Items listed in a dataset:
□ □ □ □ □ □ □
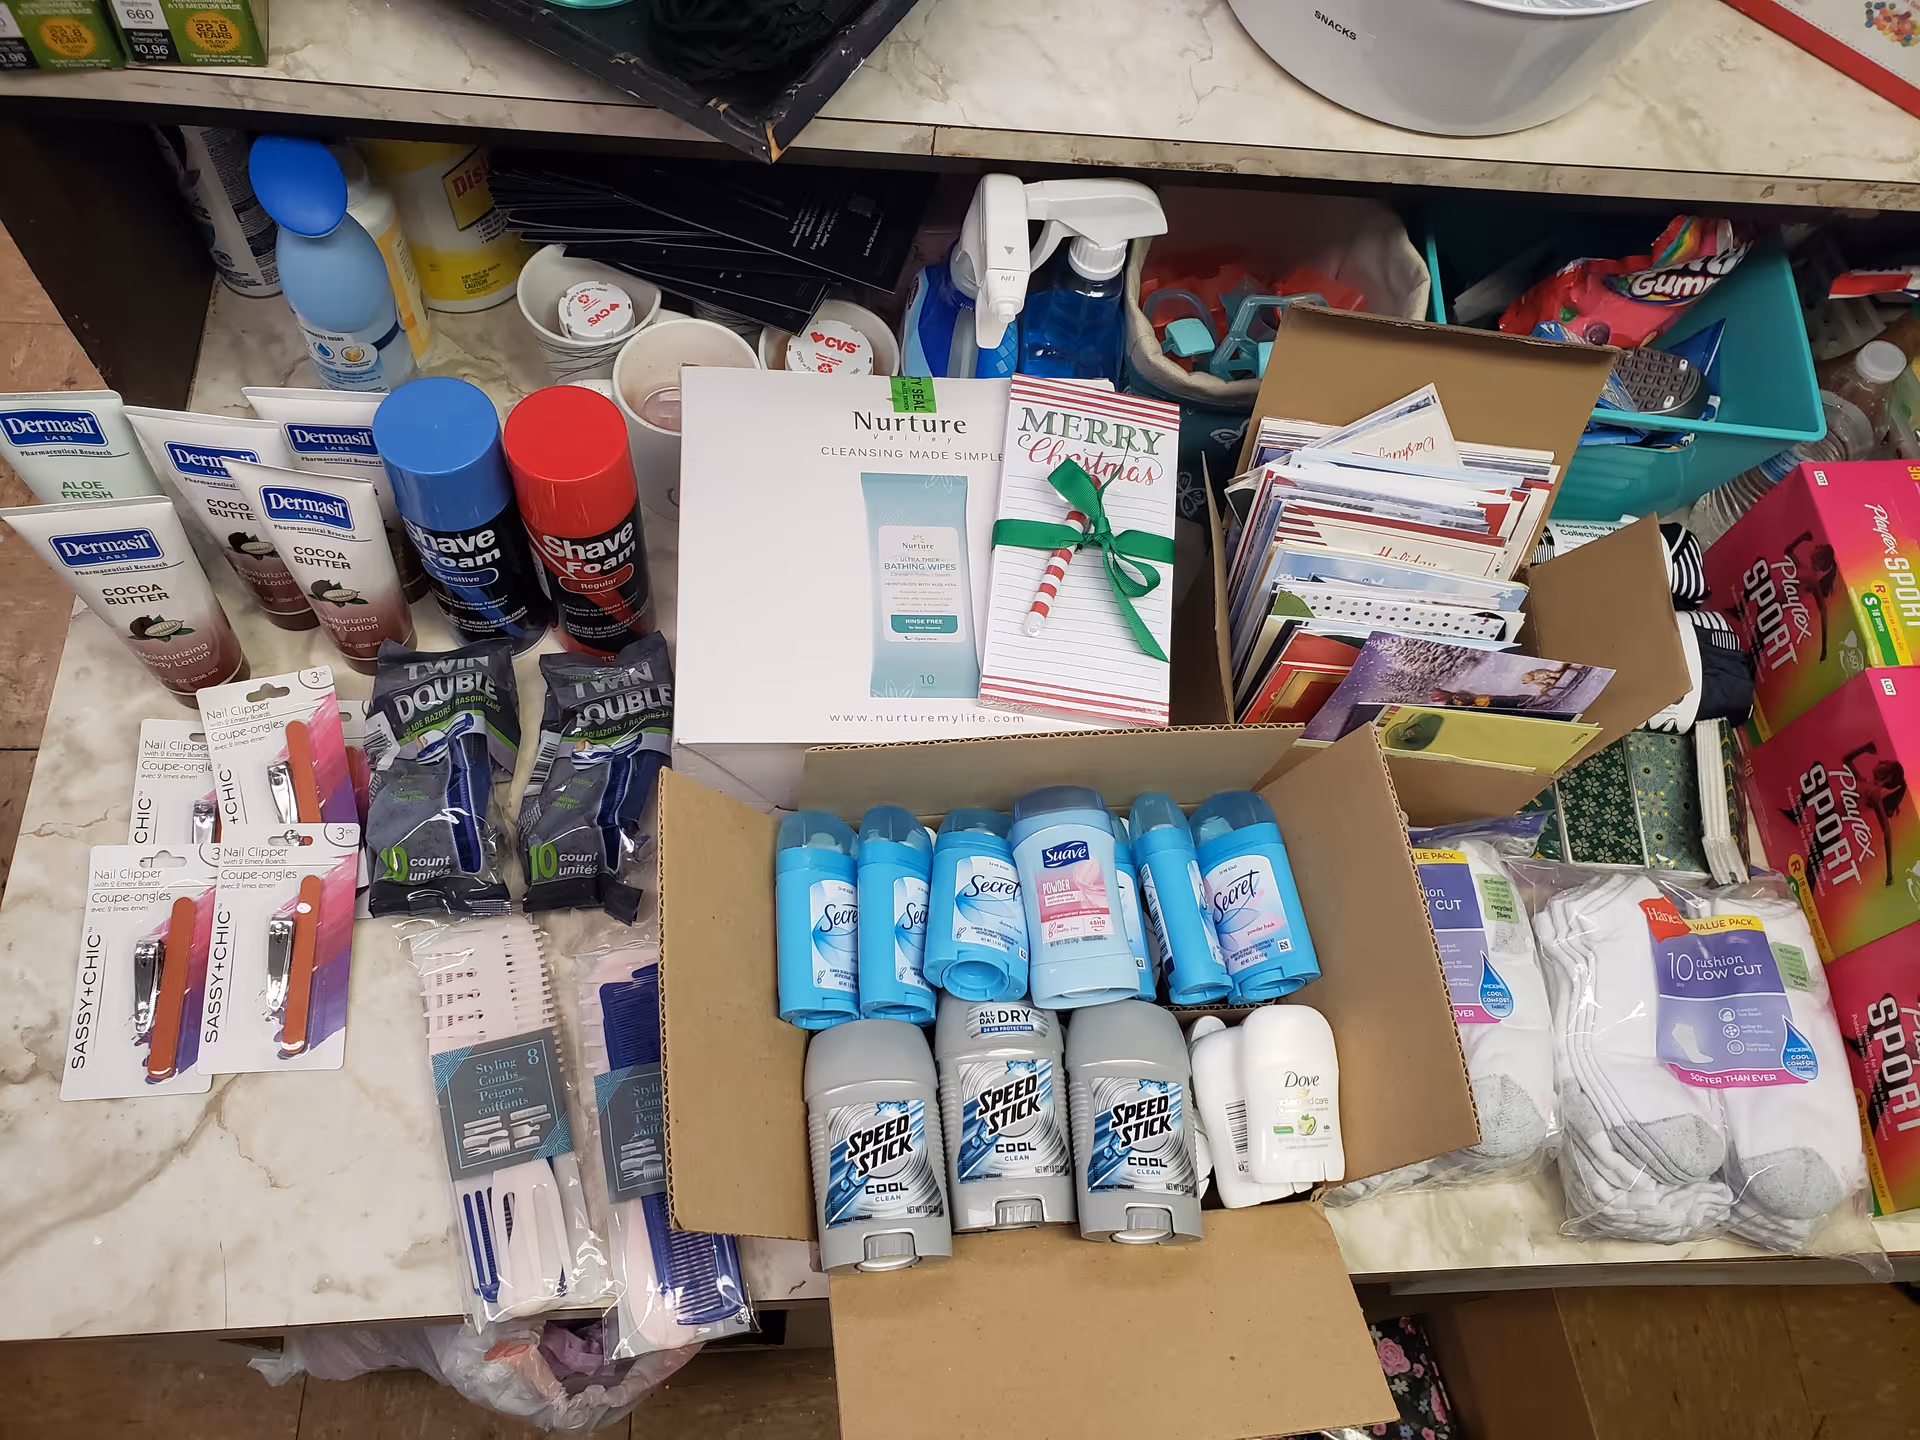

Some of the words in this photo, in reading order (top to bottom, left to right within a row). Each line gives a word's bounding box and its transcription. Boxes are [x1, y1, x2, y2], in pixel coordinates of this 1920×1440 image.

[127, 9, 154, 20] 660
[196, 24, 228, 32] 22.8
[1314, 10, 1357, 40] SNACKS
[196, 32, 232, 40] YEARS
[134, 44, 168, 54] $0.96
[588, 308, 610, 326] CVS
[824, 336, 857, 354] CVS
[912, 389, 926, 411] SEAL
[5, 416, 96, 436] Dermasil
[853, 411, 968, 435] Nurture
[44, 434, 73, 442] LABS
[294, 428, 372, 446] Dermasil
[1018, 407, 1166, 456] MERRY
[873, 434, 952, 444] Valley
[301, 456, 352, 464] Pharmaceutical
[820, 446, 904, 460] CLEANSING
[909, 450, 949, 460] MADE
[954, 451, 1004, 462] SIMPLE
[62, 481, 104, 490] ALOE
[1816, 472, 1826, 486] LOT
[61, 490, 114, 499] FRESH
[268, 492, 346, 520] Dermasil
[299, 513, 325, 522] LABS
[274, 524, 326, 534] Pharmaceutical
[326, 530, 356, 540] Research
[401, 517, 496, 554] Shave
[1864, 504, 1899, 555] Playtex
[60, 534, 152, 558] Dermasil
[542, 522, 634, 560] Shave
[902, 542, 934, 550] Nurture
[98, 553, 128, 561] LABS
[294, 546, 347, 560] COCOA
[423, 547, 501, 568] Foam
[566, 540, 636, 574] Foam
[74, 566, 133, 576] Pharmaceutical
[134, 561, 168, 571] Research
[294, 556, 352, 570] BUTTER
[884, 562, 925, 570] BATHING
[926, 563, 956, 571] WIPES
[436, 570, 480, 583] Sensitive
[102, 584, 163, 597] COCOA
[580, 578, 617, 590] Regular
[1874, 584, 1886, 594] R
[104, 592, 170, 606] BUTTER
[1771, 554, 1812, 644] Playtex
[1864, 597, 1878, 606] S
[499, 606, 526, 622] CHILDREN
[1742, 558, 1798, 670] SPORT
[344, 623, 379, 632] Lotion
[604, 622, 622, 630] REACH
[174, 650, 211, 668] Lotion
[404, 656, 490, 682] TWIN
[312, 671, 320, 684] 3
[571, 662, 654, 698] TWIN
[919, 674, 935, 685] 10
[1884, 680, 1894, 694] LOT
[393, 670, 498, 724] DOUBLE
[206, 708, 228, 720] Nail
[231, 701, 270, 717] Clipper
[424, 706, 452, 725] RAZORS
[829, 712, 1026, 724] www.nurturemylife.com
[210, 718, 285, 742] Coupe-ongles
[144, 740, 166, 750] Nail
[1828, 764, 1876, 863] Playtex
[1799, 764, 1861, 886] SPORT
[336, 826, 345, 840] 3
[212, 848, 221, 860] 3
[224, 847, 246, 857] Nail
[248, 847, 288, 860] Clipper
[529, 842, 558, 879] 10
[558, 852, 598, 864] count
[1045, 846, 1087, 862] Suave
[1431, 852, 1456, 860] PACK
[245, 858, 264, 866] Emery
[410, 854, 451, 868] count
[1790, 860, 1800, 874] R
[94, 868, 118, 880] Nail
[119, 868, 162, 882] Clipper
[220, 869, 298, 882] Coupe-ongles
[409, 866, 451, 882] unités
[558, 864, 598, 877] unités
[116, 881, 136, 890] Emery
[137, 880, 160, 888] Boards
[964, 874, 1022, 902] Secret
[1042, 878, 1070, 894] POWDER
[92, 891, 172, 905] Coupe-ongles
[1214, 868, 1260, 924] Secret
[1435, 900, 1462, 910] CUT
[1247, 926, 1264, 936] powder
[1264, 922, 1276, 930] fresh
[1692, 920, 1727, 932] VALUE
[1728, 918, 1754, 926] PACK
[1666, 952, 1694, 981] 10
[1696, 954, 1744, 968] cushion
[1696, 969, 1728, 981] LOW
[1734, 964, 1763, 975] CUT
[204, 911, 232, 1043] SASSY+CHIC
[72, 933, 102, 1069] SASSY+CHIC
[980, 1010, 996, 1018] ALL
[998, 1010, 1031, 1023] DRY
[1862, 1024, 1874, 1058] Protection
[527, 1048, 540, 1065] 8
[476, 1058, 517, 1076] Styling
[478, 1071, 519, 1087] Combs
[1284, 1070, 1320, 1088] Dove
[1690, 1073, 1723, 1084] SOFTER
[1724, 1074, 1750, 1082] THAN
[1752, 1073, 1777, 1082] EVER
[480, 1085, 524, 1102] Peignes
[979, 1074, 1038, 1117] SPEED
[478, 1096, 529, 1116] coiffants
[1112, 1094, 1169, 1129] SPEED
[988, 1094, 1041, 1136] STICK
[848, 1114, 910, 1159] SPEED
[1121, 1114, 1172, 1149] STICK
[996, 1142, 1036, 1153] COOL
[858, 1133, 913, 1178] STICK
[1004, 1154, 1030, 1162] CLEAN
[1128, 1157, 1168, 1167] COOL
[1034, 1165, 1043, 1174] NET
[1136, 1168, 1161, 1176] CLEAN
[865, 1182, 909, 1194] COOL
[874, 1194, 902, 1202] CLEAN
[906, 1206, 915, 1214] NET
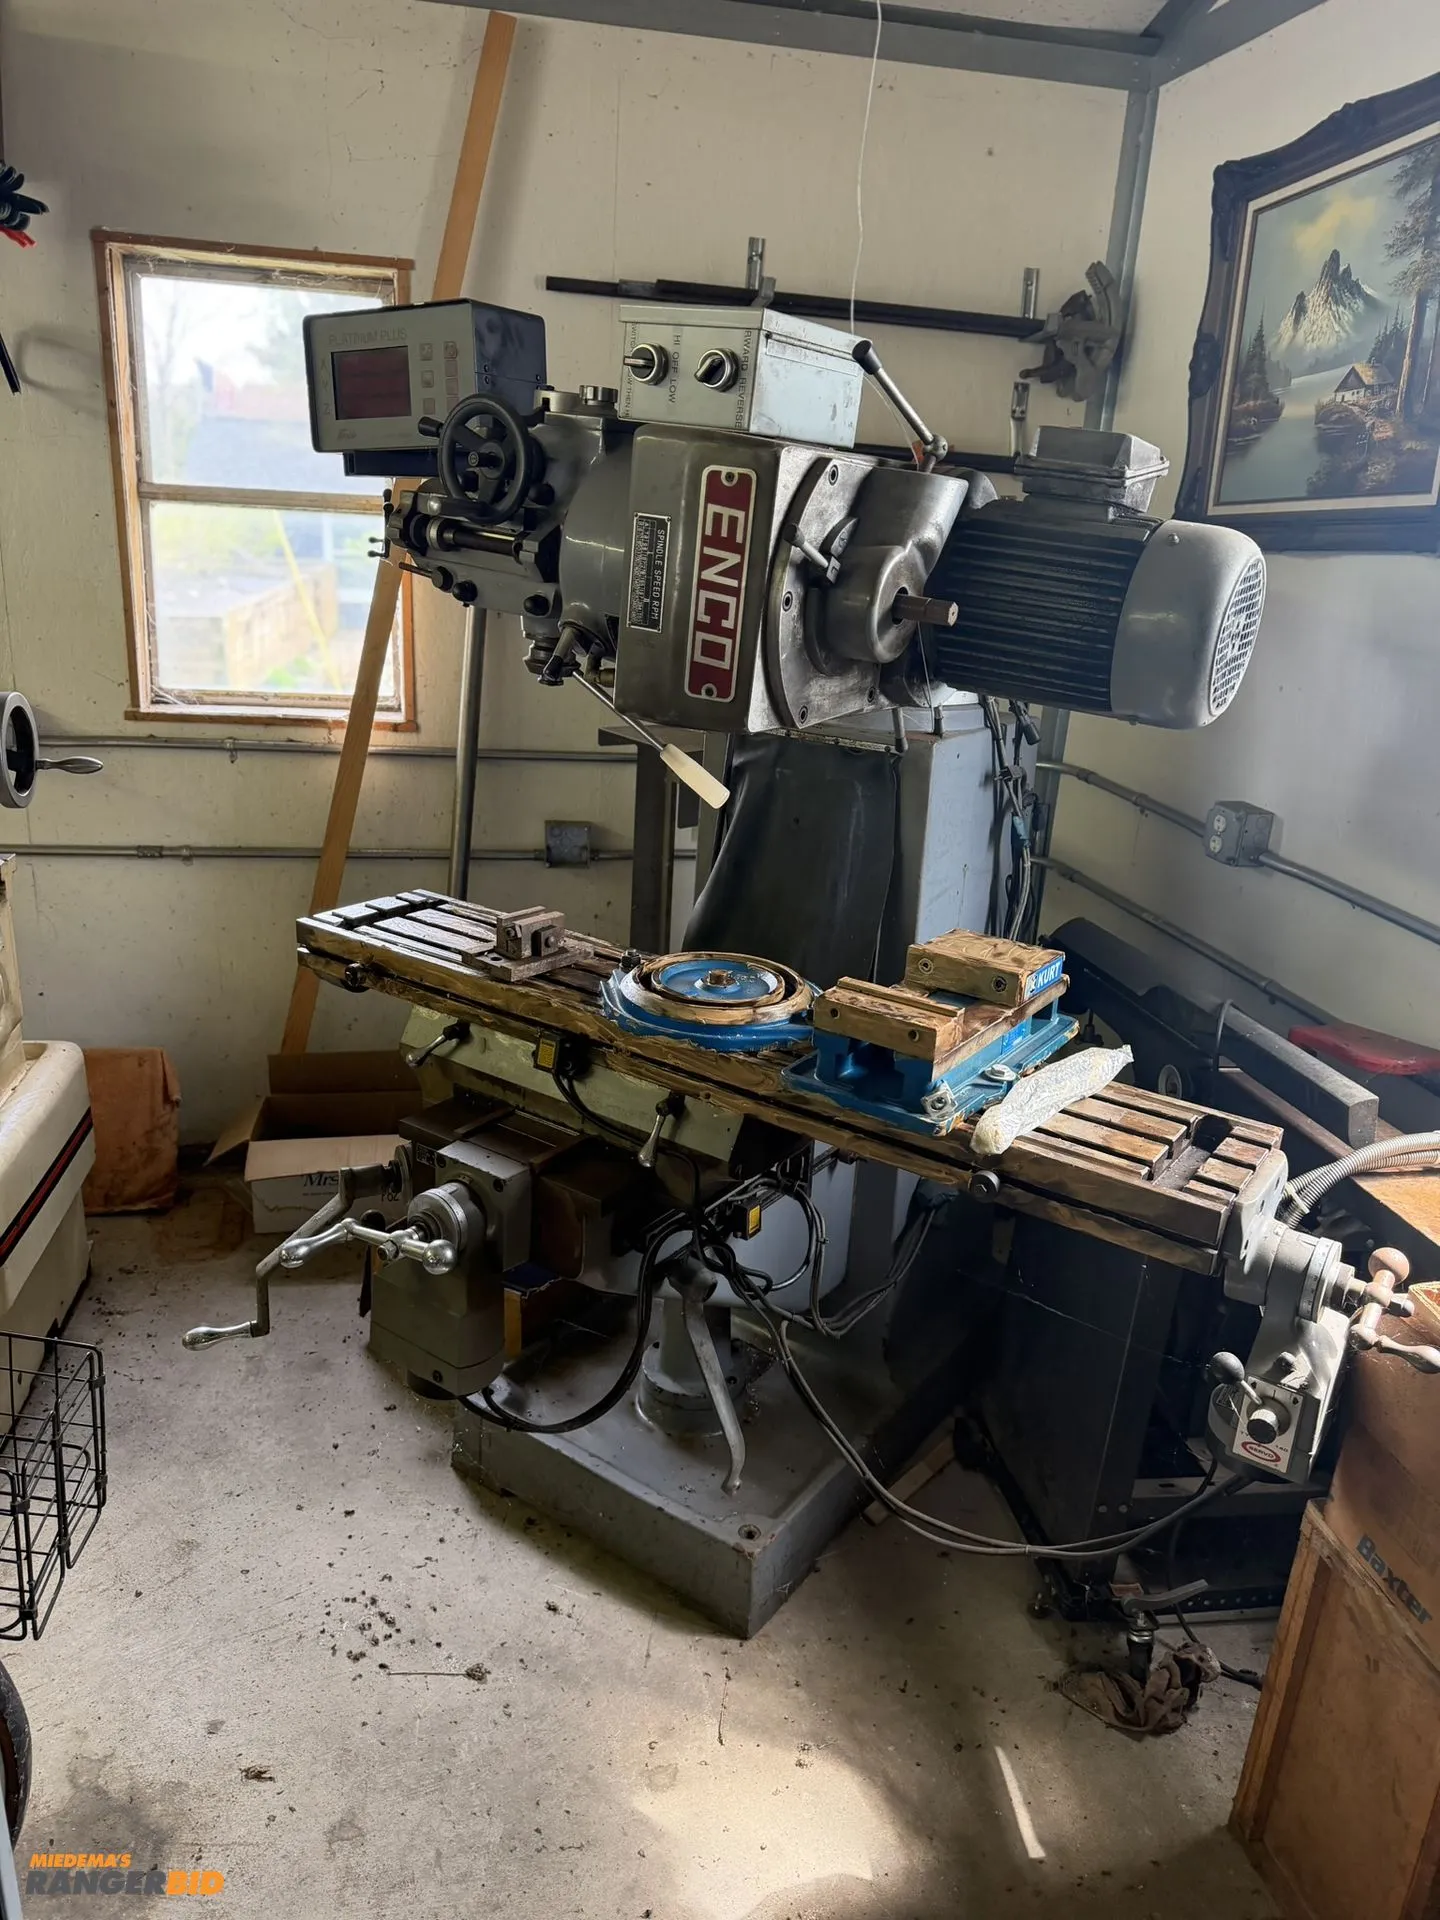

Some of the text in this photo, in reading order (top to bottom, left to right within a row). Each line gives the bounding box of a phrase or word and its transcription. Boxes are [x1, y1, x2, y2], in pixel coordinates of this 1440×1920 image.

[328, 327, 408, 346] PLATINUM PLUS
[668, 334, 681, 403] HI OFF LOW
[734, 377, 748, 429] REVERSE
[650, 528, 665, 620] SPINDLE SPEED RPM
[693, 503, 746, 670] ENCO
[1037, 961, 1061, 987] KURT
[1248, 1445, 1275, 1459] SERVO
[1356, 1533, 1433, 1624] Baxter
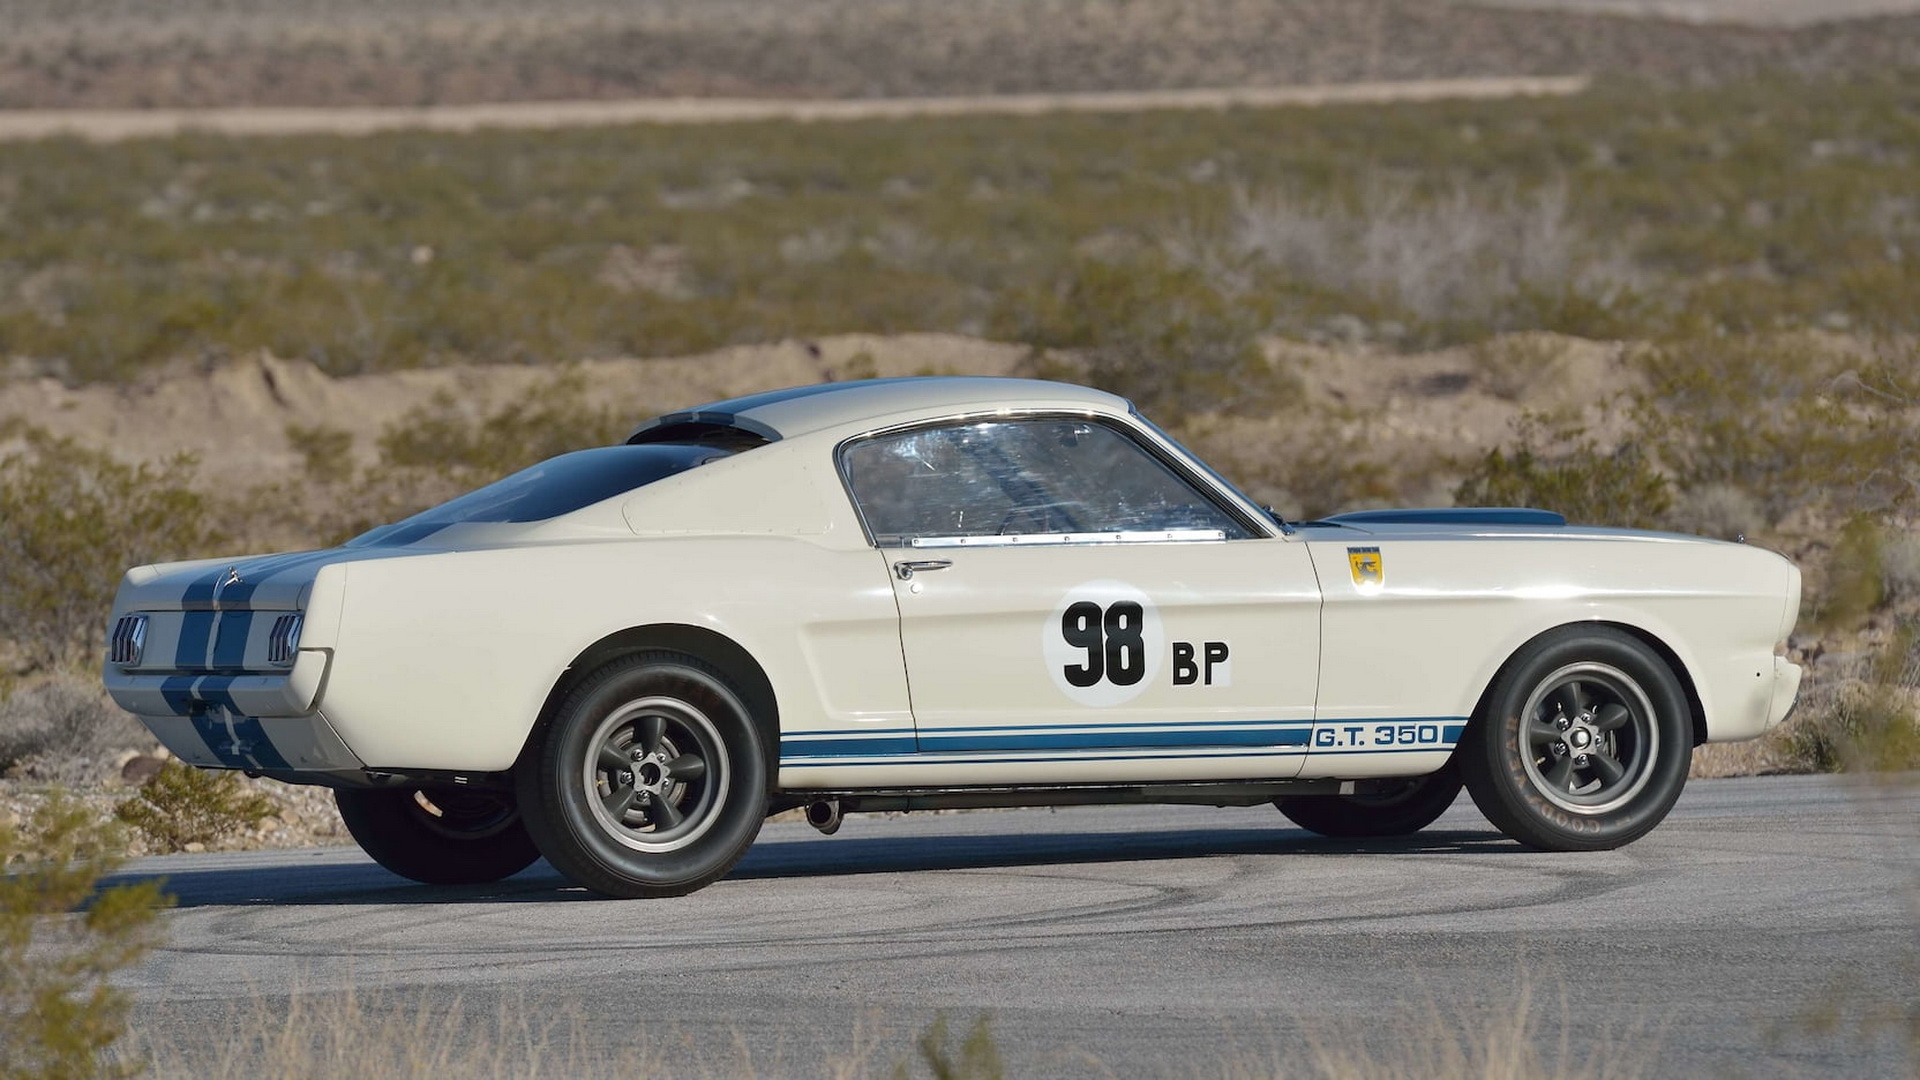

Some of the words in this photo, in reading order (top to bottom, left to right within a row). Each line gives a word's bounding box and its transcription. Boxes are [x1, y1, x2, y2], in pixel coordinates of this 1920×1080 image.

[1062, 600, 1146, 687] 98
[1172, 642, 1229, 685] BP
[1315, 727, 1365, 747] G.T.
[1374, 725, 1438, 745] 350
□ □ □ □ □ □ □
#### Work order
Repeat exactly and only the lines from the one holding "Some of the text" through the final line of the entries; no pictures.

#### Solution to this exercise
Some of the text in this photo, in reading order (top to bottom, left to right within a row). Each line gives the bounding box of a phrase or word and its transcription. Boxes are [x1, y1, x2, y2], in pixel coordinates of this 1440×1920 image.

[328, 327, 408, 346] PLATINUM PLUS
[668, 334, 681, 403] HI OFF LOW
[734, 377, 748, 429] REVERSE
[650, 528, 665, 620] SPINDLE SPEED RPM
[693, 503, 746, 670] ENCO
[1037, 961, 1061, 987] KURT
[1248, 1445, 1275, 1459] SERVO
[1356, 1533, 1433, 1624] Baxter

Some of the words in this photo, in reading order (top to bottom, left to right within a row). Each line gives a word's bounding box and its transcription. Boxes are [x1, y1, x2, y2], in pixel coordinates of this 1920×1080 image.

[1062, 600, 1146, 687] 98
[1172, 642, 1229, 685] BP
[1315, 727, 1365, 747] G.T.
[1374, 725, 1438, 745] 350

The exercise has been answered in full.